Andrew Fuqua began developing software professionally in the mid ’80s using an iterative and incremental approach. After a few years of working in not-so-agile environments, Andrew got iterative and incremental again with a Smalltalk team in ’96, and then began using eXtreme Programming in 1999. For the last few years, Andrew has been involved in agile transformations in larger organizations, which brings us to his current role as an Enterprise Agile Coach with LeadingAgile. Andrew has previously held positions in management, product management and software development at companies like Internet Security Systems, Allure Global, and IBM.

Andrew is the president of the Agile Atlanta user group, which he helped start in 2001, as well as the Atlanta Limited WIP Society. He has also been active in other groups around town. Andrew earned a BS and MS in computer science and has an MBA from Duke University.

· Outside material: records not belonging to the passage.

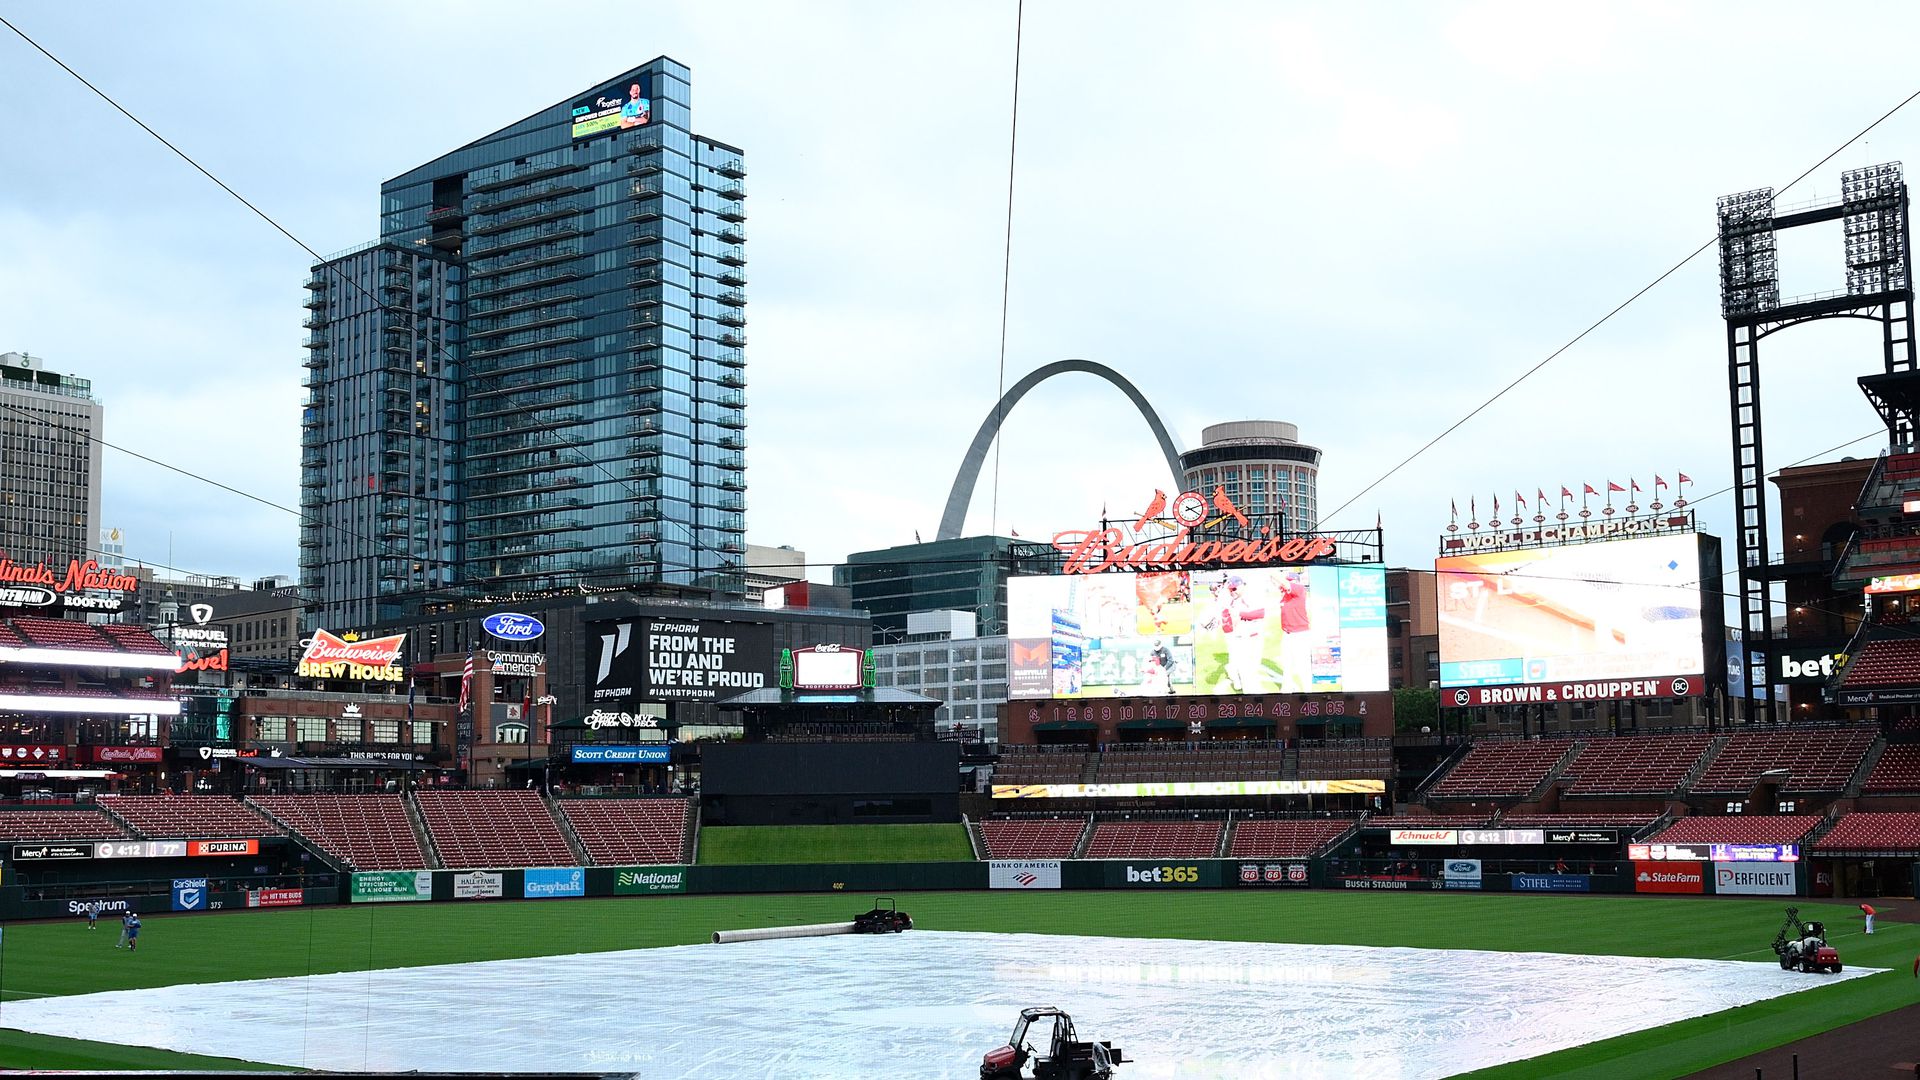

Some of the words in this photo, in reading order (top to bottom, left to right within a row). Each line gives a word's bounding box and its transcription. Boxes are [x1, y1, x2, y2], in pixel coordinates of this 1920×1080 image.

[601, 98, 622, 108] Together
[1463, 531, 1535, 549] WORLD
[1541, 517, 1669, 541] CHAMPIONS
[1053, 527, 1337, 574] Budweiser
[55, 560, 136, 592] Nation
[271, 589, 291, 598] HYATT
[64, 596, 121, 609] ROOFTOP
[496, 616, 533, 635] Ford
[175, 628, 228, 641] FANDUEL
[300, 639, 402, 661] Budweiser
[650, 635, 698, 652] FROM
[702, 638, 735, 653] THE
[488, 651, 544, 666] Community
[650, 652, 682, 668] LOU
[687, 654, 722, 670] AND
[492, 657, 536, 673] America
[299, 663, 346, 678] BREW
[350, 665, 403, 681] HOUSE
[649, 669, 704, 686] WE'RE
[708, 671, 764, 688] PROUD
[1481, 686, 1542, 704] BROWN
[1546, 689, 1557, 701] &
[1562, 680, 1658, 701] CROUPPEN
[1674, 682, 1686, 691] BC
[650, 689, 715, 697] #IAM1STPHORM
[1457, 693, 1467, 702] BC
[1847, 695, 1869, 703] Mercy
[1054, 708, 1059, 720] 1
[1067, 708, 1076, 721] 2
[1084, 707, 1093, 720] 6
[1102, 707, 1111, 720] 9
[1120, 706, 1133, 719] 10
[1143, 706, 1157, 719] 14
[1166, 705, 1180, 718] 17
[1189, 704, 1207, 718] 20
[1219, 704, 1236, 717] 23
[1245, 703, 1263, 717] 24
[1272, 702, 1290, 716] 42
[1300, 702, 1319, 716] 45
[1326, 701, 1344, 715] 85
[574, 750, 603, 759] SCOTT
[604, 750, 637, 758] CREDIT
[638, 750, 667, 758] UNION
[1479, 832, 1500, 841] 4:12
[1553, 833, 1571, 842] Mercy
[22, 849, 42, 858] Mercy
[117, 845, 140, 855] 4:12
[210, 843, 246, 852] PURINA
[1453, 862, 1471, 872] Ford
[633, 872, 682, 884] National
[1126, 866, 1198, 882] bet365
[1718, 869, 1791, 886] PERFICIENT
[173, 879, 206, 889] CarShield
[1345, 880, 1370, 888] BUSCH
[1372, 881, 1407, 889] STADIUM
[1520, 877, 1551, 888] STIFEL
[210, 901, 222, 909] 375'

Introduction to Kanban for Software Development

Learn what Kanban is, what it isn’t, and how to apply it to an IT or software development project. Kanban focuses on the flow of work through a system. It’s a useful tool to visualize the work and the problems that impact flow. It supports evolutionary process improvement and helps control the amount of work in process. Being less prescriptive than many SW Dev methods, it can be used more naturally, that is without shocking the system as it is being adopted. This will be an informal and interactive session with lots of time for Q&A. Time permitting, we’ll touch on pull systems, metrics, value stream mapping, the Theory of Constraints and the Scientific Method.

Skill Level: Beginner

How to Energize People

Creativity is an important aspect of successful software product development and IT projects. Creativity is subject to the mood of the team – it doesn’t exactly ooze from a team that is demoralized. But how do you motivate creative types? It seems that it’s as easier to demotivate knowledge workers than it is to motivate them. Or is it? Programmers, testers, analysts and product managers can be motivated if you just take care. Know what motivates teams in general, find out what motivates each individual, be observant, and use a couple simple “tools”. This talk covers these concepts and includes thoughts from Jurgen Appelo’s Management 3.0 and Dan Pink’s Drive.